Segment Start: Entries supplied
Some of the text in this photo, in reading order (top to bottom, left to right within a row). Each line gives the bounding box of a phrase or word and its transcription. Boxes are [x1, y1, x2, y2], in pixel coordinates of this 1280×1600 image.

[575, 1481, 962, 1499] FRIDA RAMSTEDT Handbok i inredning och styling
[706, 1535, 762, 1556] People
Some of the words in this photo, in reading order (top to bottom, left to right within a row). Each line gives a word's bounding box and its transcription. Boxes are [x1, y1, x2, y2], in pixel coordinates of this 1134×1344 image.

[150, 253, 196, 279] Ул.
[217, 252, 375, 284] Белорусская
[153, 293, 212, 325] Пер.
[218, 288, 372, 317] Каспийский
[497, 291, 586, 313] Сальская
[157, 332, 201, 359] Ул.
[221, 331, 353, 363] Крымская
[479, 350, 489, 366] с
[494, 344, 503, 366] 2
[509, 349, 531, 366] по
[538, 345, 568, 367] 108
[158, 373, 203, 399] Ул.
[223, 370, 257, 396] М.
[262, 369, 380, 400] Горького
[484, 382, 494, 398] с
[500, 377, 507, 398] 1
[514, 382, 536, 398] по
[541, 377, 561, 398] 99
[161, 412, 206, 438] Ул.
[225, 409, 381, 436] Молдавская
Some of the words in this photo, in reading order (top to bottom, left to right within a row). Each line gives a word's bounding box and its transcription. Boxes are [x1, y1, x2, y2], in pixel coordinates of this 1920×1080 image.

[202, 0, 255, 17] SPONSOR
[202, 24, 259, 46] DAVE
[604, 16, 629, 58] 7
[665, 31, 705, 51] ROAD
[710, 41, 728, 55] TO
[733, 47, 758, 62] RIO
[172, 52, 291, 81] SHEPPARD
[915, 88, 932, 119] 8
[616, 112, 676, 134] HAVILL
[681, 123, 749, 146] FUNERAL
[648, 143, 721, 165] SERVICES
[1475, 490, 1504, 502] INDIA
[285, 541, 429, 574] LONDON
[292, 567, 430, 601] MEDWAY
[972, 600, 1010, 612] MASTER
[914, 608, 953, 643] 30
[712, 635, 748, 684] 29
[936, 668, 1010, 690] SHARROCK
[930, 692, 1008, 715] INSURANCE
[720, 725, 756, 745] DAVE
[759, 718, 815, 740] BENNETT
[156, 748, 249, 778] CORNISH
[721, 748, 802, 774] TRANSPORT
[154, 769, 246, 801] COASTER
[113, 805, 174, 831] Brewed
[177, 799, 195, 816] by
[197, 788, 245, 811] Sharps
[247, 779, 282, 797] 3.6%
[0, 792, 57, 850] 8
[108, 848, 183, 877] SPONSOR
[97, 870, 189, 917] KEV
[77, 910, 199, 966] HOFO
Segment End: Entries supplied
The task
Copy the data exactly. Leave nothing out.

Output of the exercise
Some of the text in this photo, in reading order (top to bottom, left to right within a row). Each line gives the bounding box of a phrase or word and its transcription. Boxes are [x1, y1, x2, y2], in pixel coordinates of this 1280×1600 image.

[575, 1481, 962, 1499] FRIDA RAMSTEDT Handbok i inredning och styling
[706, 1535, 762, 1556] People
Some of the words in this photo, in reading order (top to bottom, left to right within a row). Each line gives a word's bounding box and its transcription. Boxes are [x1, y1, x2, y2], in pixel coordinates of this 1134×1344 image.

[150, 253, 196, 279] Ул.
[217, 252, 375, 284] Белорусская
[153, 293, 212, 325] Пер.
[218, 288, 372, 317] Каспийский
[497, 291, 586, 313] Сальская
[157, 332, 201, 359] Ул.
[221, 331, 353, 363] Крымская
[479, 350, 489, 366] с
[494, 344, 503, 366] 2
[509, 349, 531, 366] по
[538, 345, 568, 367] 108
[158, 373, 203, 399] Ул.
[223, 370, 257, 396] М.
[262, 369, 380, 400] Горького
[484, 382, 494, 398] с
[500, 377, 507, 398] 1
[514, 382, 536, 398] по
[541, 377, 561, 398] 99
[161, 412, 206, 438] Ул.
[225, 409, 381, 436] Молдавская
Some of the words in this photo, in reading order (top to bottom, left to right within a row). Each line gives a word's bounding box and its transcription. Boxes are [x1, y1, x2, y2], in pixel coordinates of this 1920×1080 image.

[202, 0, 255, 17] SPONSOR
[202, 24, 259, 46] DAVE
[604, 16, 629, 58] 7
[665, 31, 705, 51] ROAD
[710, 41, 728, 55] TO
[733, 47, 758, 62] RIO
[172, 52, 291, 81] SHEPPARD
[915, 88, 932, 119] 8
[616, 112, 676, 134] HAVILL
[681, 123, 749, 146] FUNERAL
[648, 143, 721, 165] SERVICES
[1475, 490, 1504, 502] INDIA
[285, 541, 429, 574] LONDON
[292, 567, 430, 601] MEDWAY
[972, 600, 1010, 612] MASTER
[914, 608, 953, 643] 30
[712, 635, 748, 684] 29
[936, 668, 1010, 690] SHARROCK
[930, 692, 1008, 715] INSURANCE
[720, 725, 756, 745] DAVE
[759, 718, 815, 740] BENNETT
[156, 748, 249, 778] CORNISH
[721, 748, 802, 774] TRANSPORT
[154, 769, 246, 801] COASTER
[113, 805, 174, 831] Brewed
[177, 799, 195, 816] by
[197, 788, 245, 811] Sharps
[247, 779, 282, 797] 3.6%
[0, 792, 57, 850] 8
[108, 848, 183, 877] SPONSOR
[97, 870, 189, 917] KEV
[77, 910, 199, 966] HOFO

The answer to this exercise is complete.